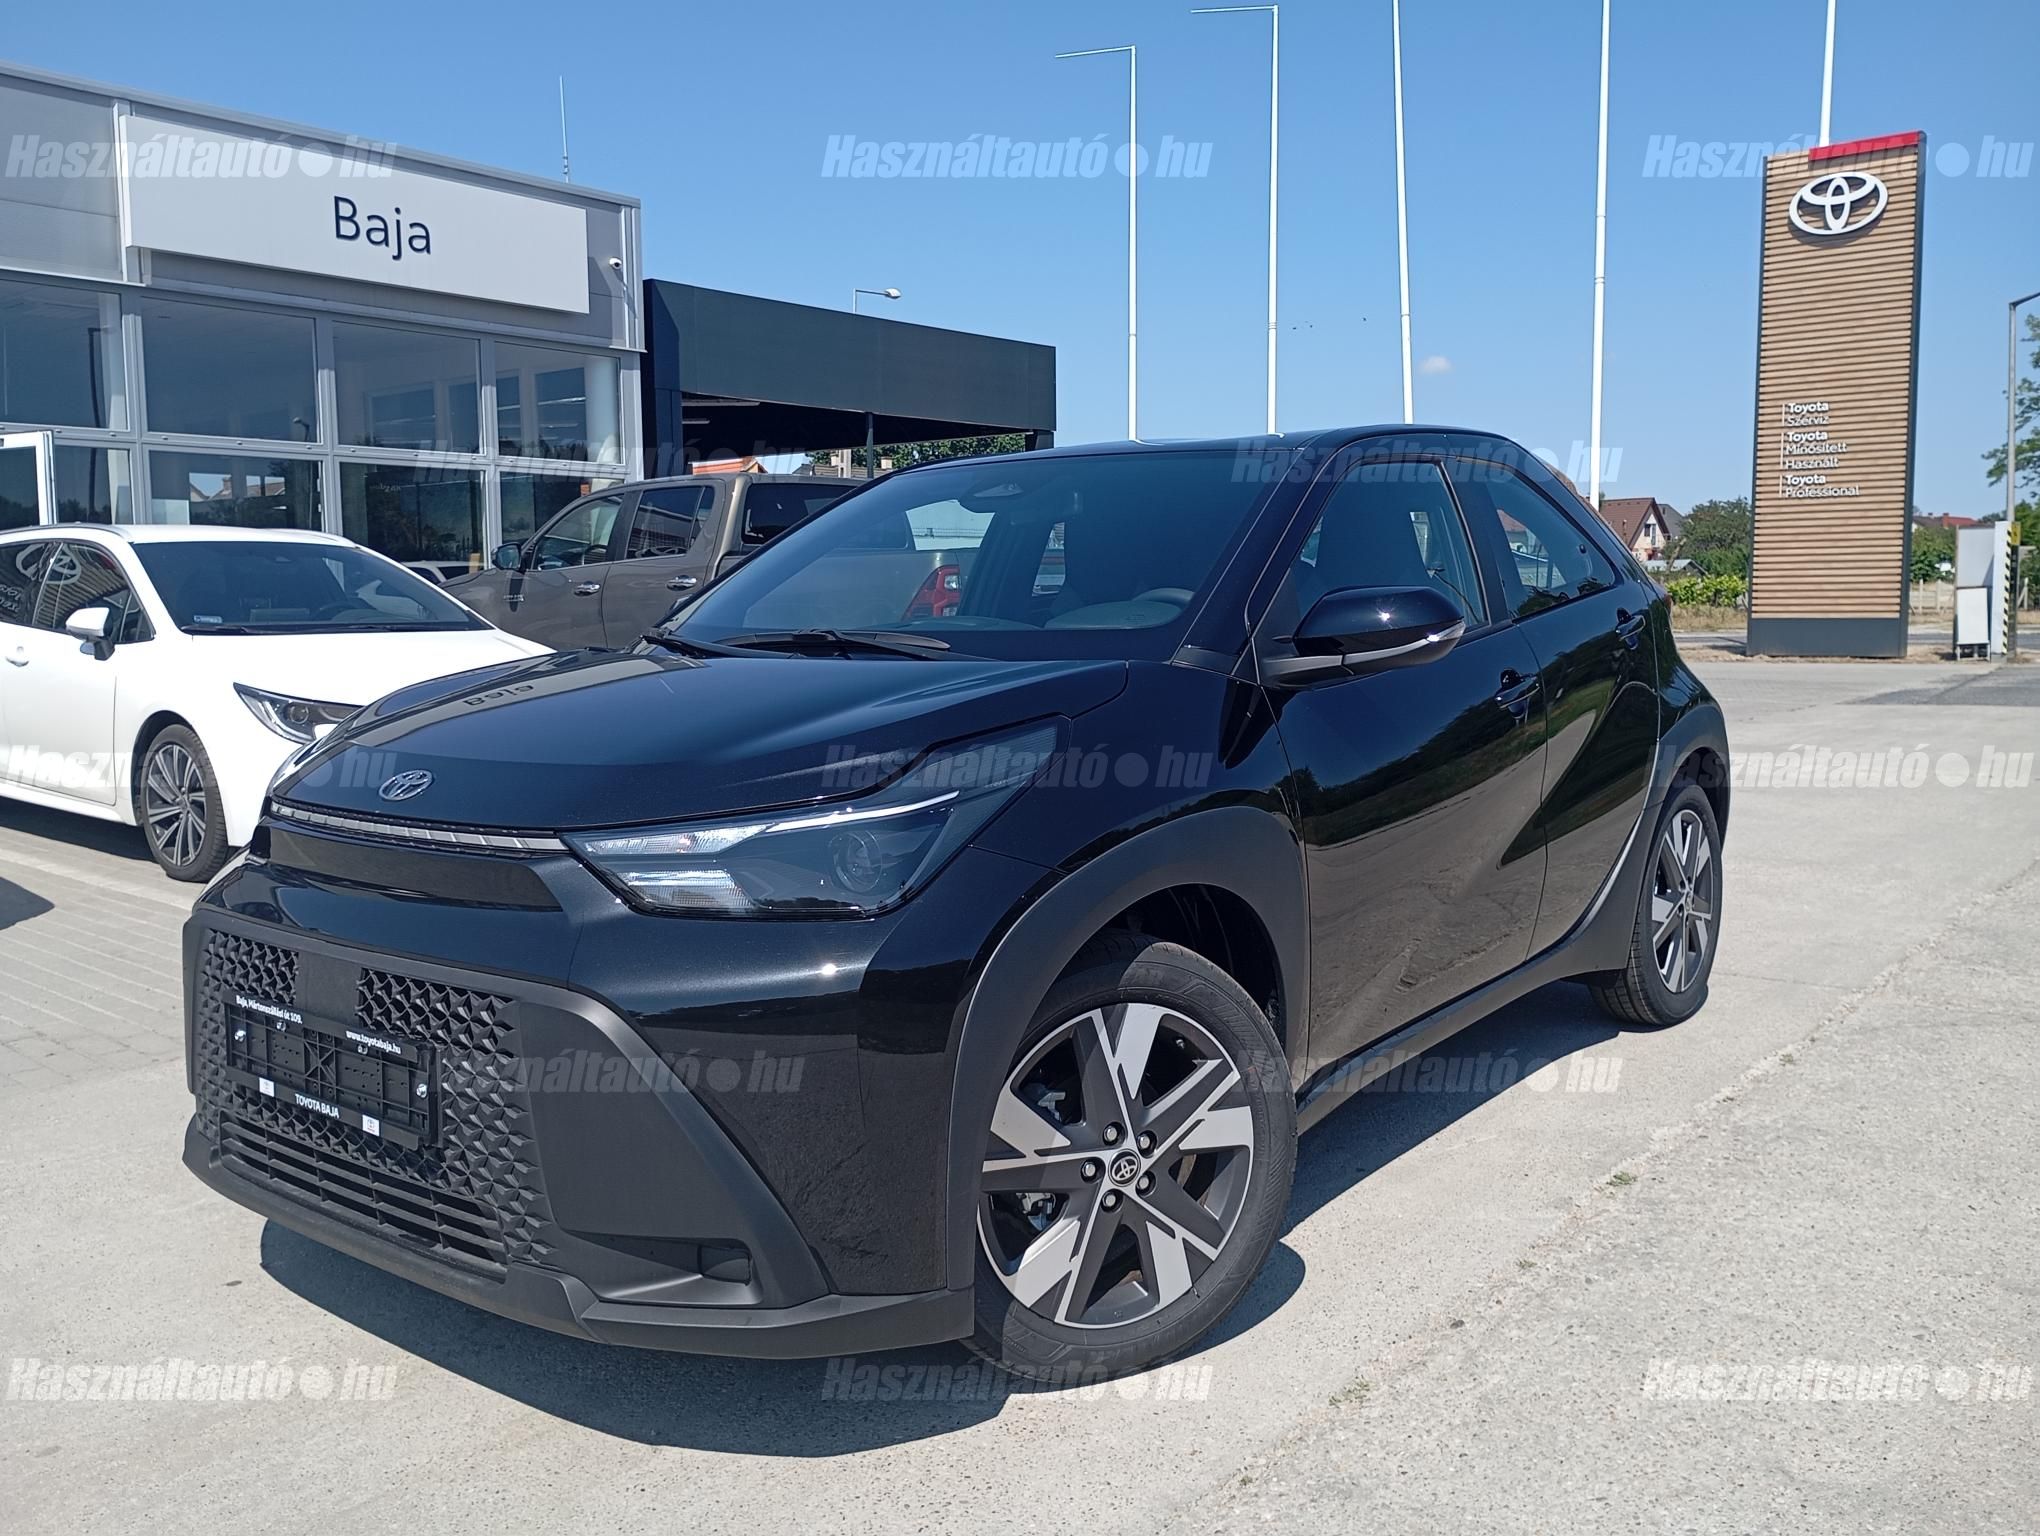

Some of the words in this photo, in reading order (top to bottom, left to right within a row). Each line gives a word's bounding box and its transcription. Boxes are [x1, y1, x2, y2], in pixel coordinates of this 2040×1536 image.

[334, 195, 431, 261] Baja
[1788, 401, 1829, 414] Toyota
[1787, 415, 1830, 426] Szerviz
[1787, 430, 1828, 443] Toyota
[1785, 474, 1826, 486] Toyota
[1785, 485, 1860, 497] Professional
[346, 1031, 401, 1054] www.toyotabaja.hu
[295, 1093, 320, 1112] TOYOTA
[321, 1103, 339, 1118] BAJA

————————

Work item: Transcribe all lines above exactly, skipping pictures.

Answer area:
Some of the words in this photo, in reading order (top to bottom, left to right within a row). Each line gives a word's bounding box and its transcription. Boxes are [x1, y1, x2, y2], in pixel coordinates of this 2040×1536 image.

[334, 195, 431, 261] Baja
[1788, 401, 1829, 414] Toyota
[1787, 415, 1830, 426] Szerviz
[1787, 430, 1828, 443] Toyota
[1785, 474, 1826, 486] Toyota
[1785, 485, 1860, 497] Professional
[346, 1031, 401, 1054] www.toyotabaja.hu
[295, 1093, 320, 1112] TOYOTA
[321, 1103, 339, 1118] BAJA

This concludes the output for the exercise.